Locals claim horchata Lojana has medicinal properties, even calling the surrounding horchata-producing region the “Valley of Longevity” due to the belief that the valley’s residents live until they’re 100 years old. You can think of horchata Lojana as the distilled herbal knowledge of the region’s folk doctors and foragers.
Horchata’s journey to Ecuador began almost 4,500 years ago. The likely ancestor of modern-day horchata dates as far back as 2400 B.C.Egyptian papyrus records and jug fragments from the era show evidence of a beverage made of chufa, or the tigernut, eventually known in local Arabic as hab el aziz. When the Moors imported the chufa plant to Spain in the eighth century, the beverage became known as horchata, which the Spanish would later bring to the Americas.

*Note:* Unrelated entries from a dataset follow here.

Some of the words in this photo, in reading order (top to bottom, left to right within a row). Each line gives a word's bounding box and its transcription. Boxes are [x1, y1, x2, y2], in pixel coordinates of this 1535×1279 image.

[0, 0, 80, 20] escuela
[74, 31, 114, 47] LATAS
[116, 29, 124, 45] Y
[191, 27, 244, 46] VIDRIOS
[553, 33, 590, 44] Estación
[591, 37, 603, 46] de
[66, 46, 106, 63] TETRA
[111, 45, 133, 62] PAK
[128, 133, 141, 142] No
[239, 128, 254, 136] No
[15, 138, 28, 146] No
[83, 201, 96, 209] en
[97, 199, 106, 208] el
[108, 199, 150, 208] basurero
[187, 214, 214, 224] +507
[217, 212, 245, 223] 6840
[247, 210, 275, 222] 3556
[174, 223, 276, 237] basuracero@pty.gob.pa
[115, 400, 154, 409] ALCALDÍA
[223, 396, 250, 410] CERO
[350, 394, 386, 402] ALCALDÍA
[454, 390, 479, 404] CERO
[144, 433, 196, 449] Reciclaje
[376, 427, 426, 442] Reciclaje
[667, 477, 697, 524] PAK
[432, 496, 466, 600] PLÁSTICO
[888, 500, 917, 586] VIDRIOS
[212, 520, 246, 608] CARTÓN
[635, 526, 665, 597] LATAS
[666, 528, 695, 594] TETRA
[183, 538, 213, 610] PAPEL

Today, the name describes a wide range of drinks consumed across the Spanish-speaking world, including a barley-based Spanish drink, Mexican rice-based horchata, and the Ecuadorian regional specialty.

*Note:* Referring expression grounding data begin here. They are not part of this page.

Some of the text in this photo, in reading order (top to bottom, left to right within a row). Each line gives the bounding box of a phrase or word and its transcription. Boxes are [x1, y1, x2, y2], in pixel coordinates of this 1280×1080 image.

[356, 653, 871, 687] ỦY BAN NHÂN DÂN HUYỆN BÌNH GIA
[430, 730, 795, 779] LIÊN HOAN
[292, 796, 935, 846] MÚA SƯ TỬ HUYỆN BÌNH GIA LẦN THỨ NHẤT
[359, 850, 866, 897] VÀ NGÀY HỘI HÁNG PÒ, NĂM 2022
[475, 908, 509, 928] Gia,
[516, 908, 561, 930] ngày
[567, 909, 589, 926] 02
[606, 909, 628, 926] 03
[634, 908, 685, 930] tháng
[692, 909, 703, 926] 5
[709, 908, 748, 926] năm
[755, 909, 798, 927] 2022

The making of horchata Lojana starts with rural women, who collect herbs from the Andean countryside or grow them in their gardens. Botanists have identified 71 distinct types of herbs that can be used in various horchata Lojana mixtures, each believed by locals to have their own medicinal benefits. While the precise combination can vary based on the season, the weather, and what drinkers happen to have growing in their backyards, typical mixtures have around 20 to 30 herbs, and there are 16 herbs considered key to horchata Lojana, including cedrón (lemon verbena), verdolaga (purslane), albahaca (basil), and escancel (bloodleaf). The latter gives the drink its ruby color.
Traditionally, after collecting the herbs, women dry them or sell them fresh to street vendors, who in turn brew glasses of the drink. Locals can also purchase the dried herbs directly from traders, supplementing the mixture with whatever they happen to have growing in the garden. Increasingly, however, efforts to commercialize the tea threaten the livelihoods of these independent women entrepreneurs and threaten to standardize a recipe whose uniqueness is precisely due to to its diversity. While commercial availability may make horchata Lojana more accessible for curious gastronomes, there’s nothing like tasting the mixture straight from its source in Loja. Each glass contains not only the flowery elixir of authentic Andean flora, but the passed-down knowledge of the women who have been collecting and brewing these herbs for generations.
Visitors to Ecuador can find glasses of horchata Lojana sold on the street and can find the herb mixture sold in stores loose or in teabags. Those who can't afford a trip to Ecuador can buy the mix online or try creating their own unique version based on some of the more commonly available herbs, such as chamomile, basil, and lemon verbena, that they may have in their grocery store or garden.